Where that adjustment envelope is (ie between 0 and -1, say, or between -1 and -2) will depend on other factors ie the angle of the strut in the car, design of top mount etc.

My experience of them was on a mate's EP3 which had standard dampers and top mounts with Eibach springs so there was no other adjustment. My main concern was getting it symmetrical with as close to -1 as I could get, and IIRC I got it to about -0.75 both sides with just one pair of bolts in the top holes. Set the rear to the same amount with adjustable UCAs and it drives superbly.

I invested in a camber gauge ages ago, not that expensive compared to paying people to do it, especially if you want it done right and are likely to do it a few times. Given the amount of messing about I've done on various cars it's paid for itself several times over. Toe can be set with string and axle stands, sounds ghetto but it actually works very well.

If you were a bit more local I'd offer to just sort it for you for free tbh, but failing that either invest in the gauges yourself or take haitch's advice, give it up and take it somewhere you trust.

Hope that helps a bit more :)
 

lockwood77

Advanced Member
Messages
1,160
Cheers mate, hadn't thought about getting camber gauges, might be the way forward!

Will have to see what happens, I just find it very odd that it's gone from being able to achieve 1.5 deg both sides to one side losing 50% of its adjustment. Is half a degree variance as a big a deal as I'm making it?
 

Evs

Advanced Member
Messages
4,281
No probs. Got mine from Demon Thieves IIRC, it's a sort of spirit level with a magnetic base and also a 'wheel jig' that it bolts onto. Simple but effective and I'm sure it cost less than the average geo setup job.

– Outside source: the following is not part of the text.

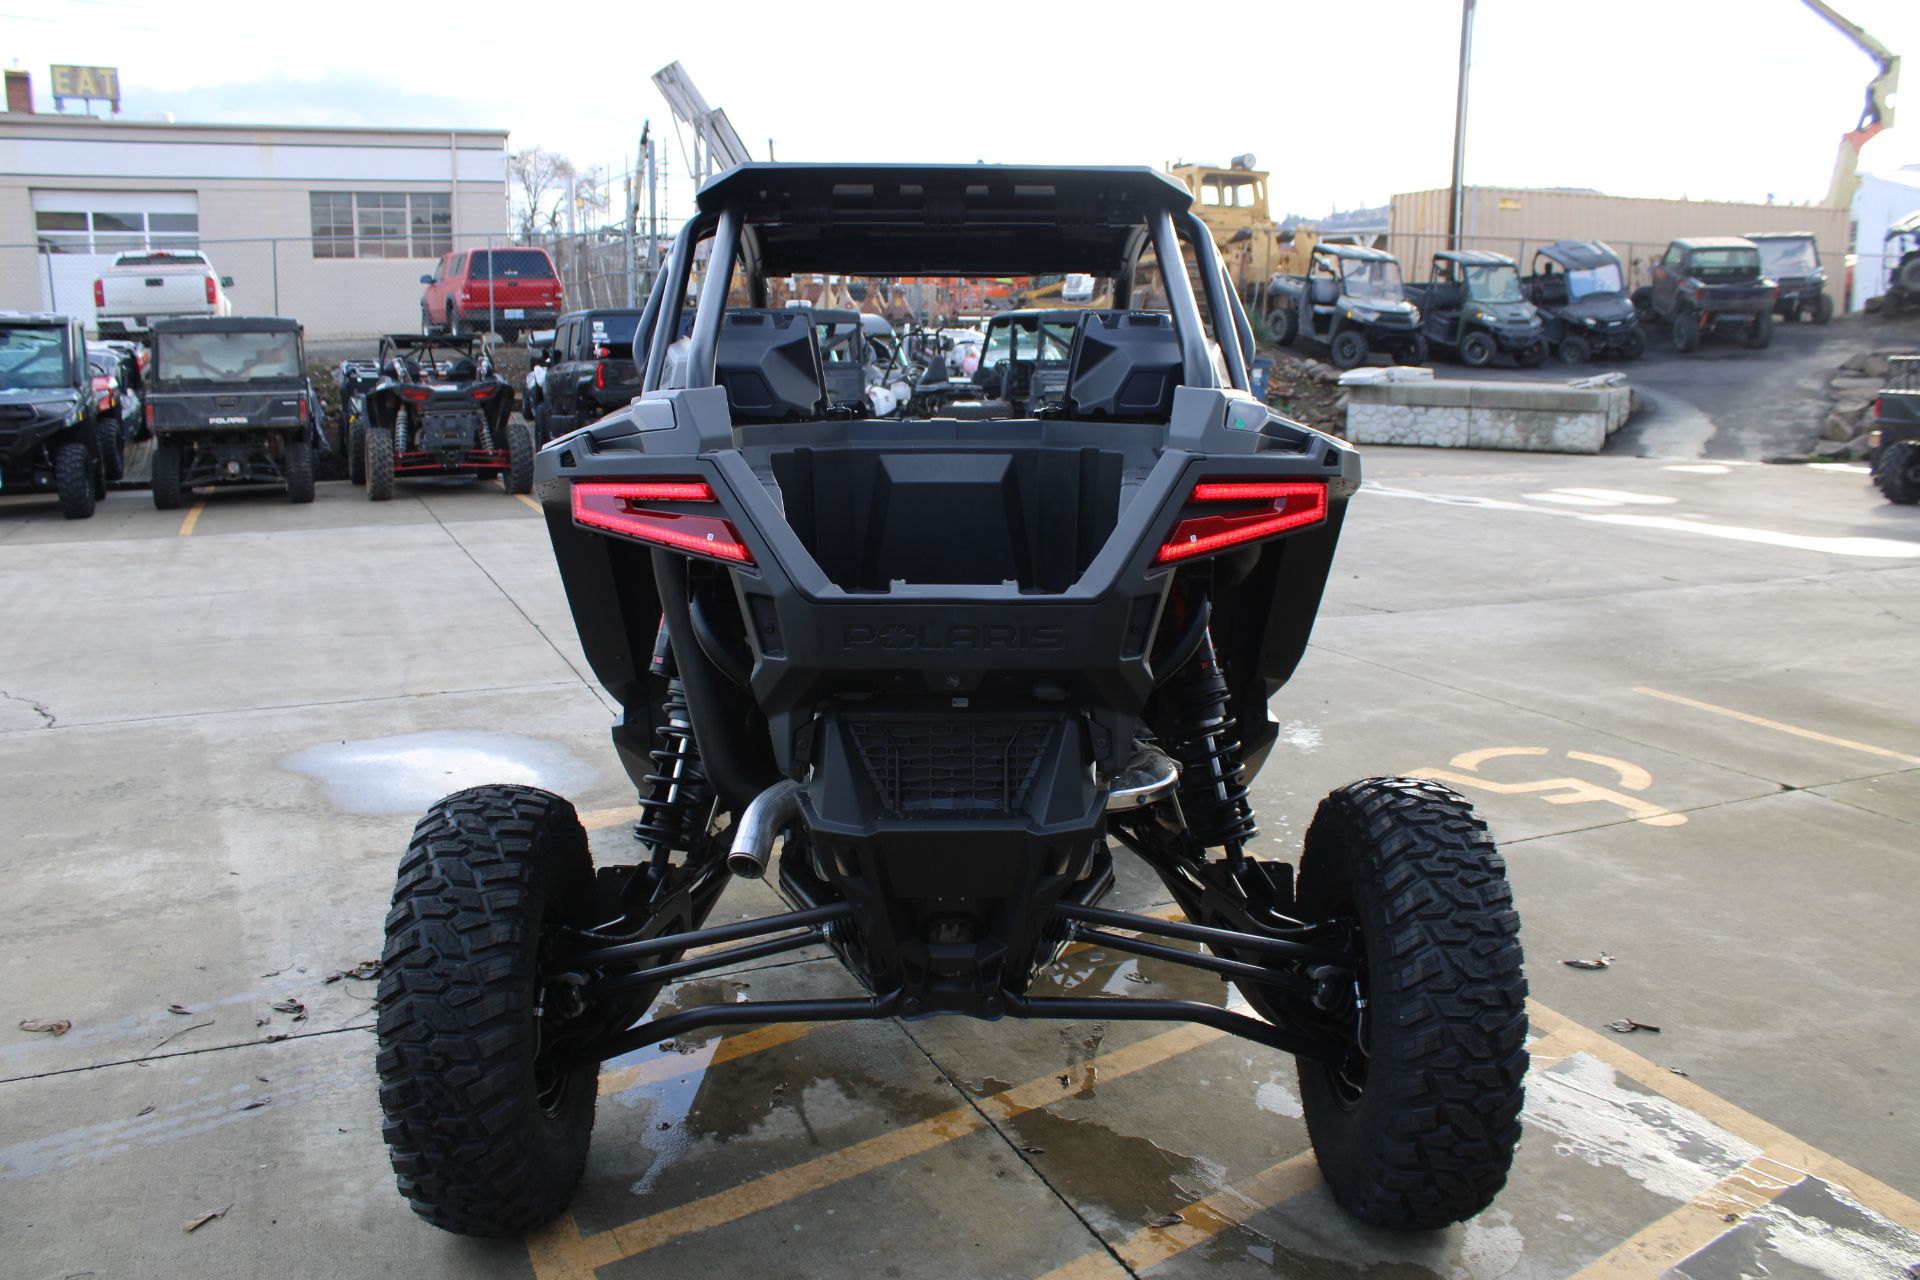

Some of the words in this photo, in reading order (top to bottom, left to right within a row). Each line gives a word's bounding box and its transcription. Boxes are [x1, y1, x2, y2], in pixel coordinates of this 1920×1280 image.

I think 0.5 deg difference from one side to the other is a lot tbh, I wouldn't run it by choice. You may find it pulls a bit and will torque steer a lot more than it should. IIRC that was about the difference on that EP3 before I put the bolts in, and sorting it out made a huge difference to the feel of the car.
 

lockwood77

Advanced Member
Messages
1,160
Mmm, that's what I thought.

Just browsing those camber gauges, quite a variety. Question is, can you make much use of them without a ramp? I'm assuming most (if not all) require a level surface, so if you've had to take the wheel off to get at the bolts or attach the gauge (some are magnetic for attaching to the hub/disc), how would you manage that!?
 

Evs

Advanced Member
Messages
4,281
I understand exactly what you're concerned about, I wondered the same thing, but it's easy.

What you do is measure the camber with the car on the deck, say it's -0.5 and you want it at -1. This means you need 0.5 deg more negative camber. Jack the car up and remove the wheel, put the gauge on the hub with the magnetic base, measure the camber. It might be, say, -3.0 deg like that, could be anything, doesn't matter. You then just tweak the adjustment so that it's 0.5 more negative, in this case -3.5, refit the wheel and drop it back down. Then you'll find it's -1 on the deck which is what you want.

In practice you'll find you have to go through a few cycles doing each side as if you're making large-ish adjustments then one side will affect the other, but once you're in the ballpark you can get it quite accurate.

With a decent trolley jack it's really no big deal to go round it a few times anyway.

At the rear you can adjust the UCAs with the car on the ground, it's a bit like doing the track rod end at the front. You need some turning plates (ghetto job again, two squares of plexiglass with a layer of grease in between) to let the wheel find its natural angle.

There's a vid on here somewhere, youtube link of a chap showing you how to do the toe etc, I'll see if I can find the link.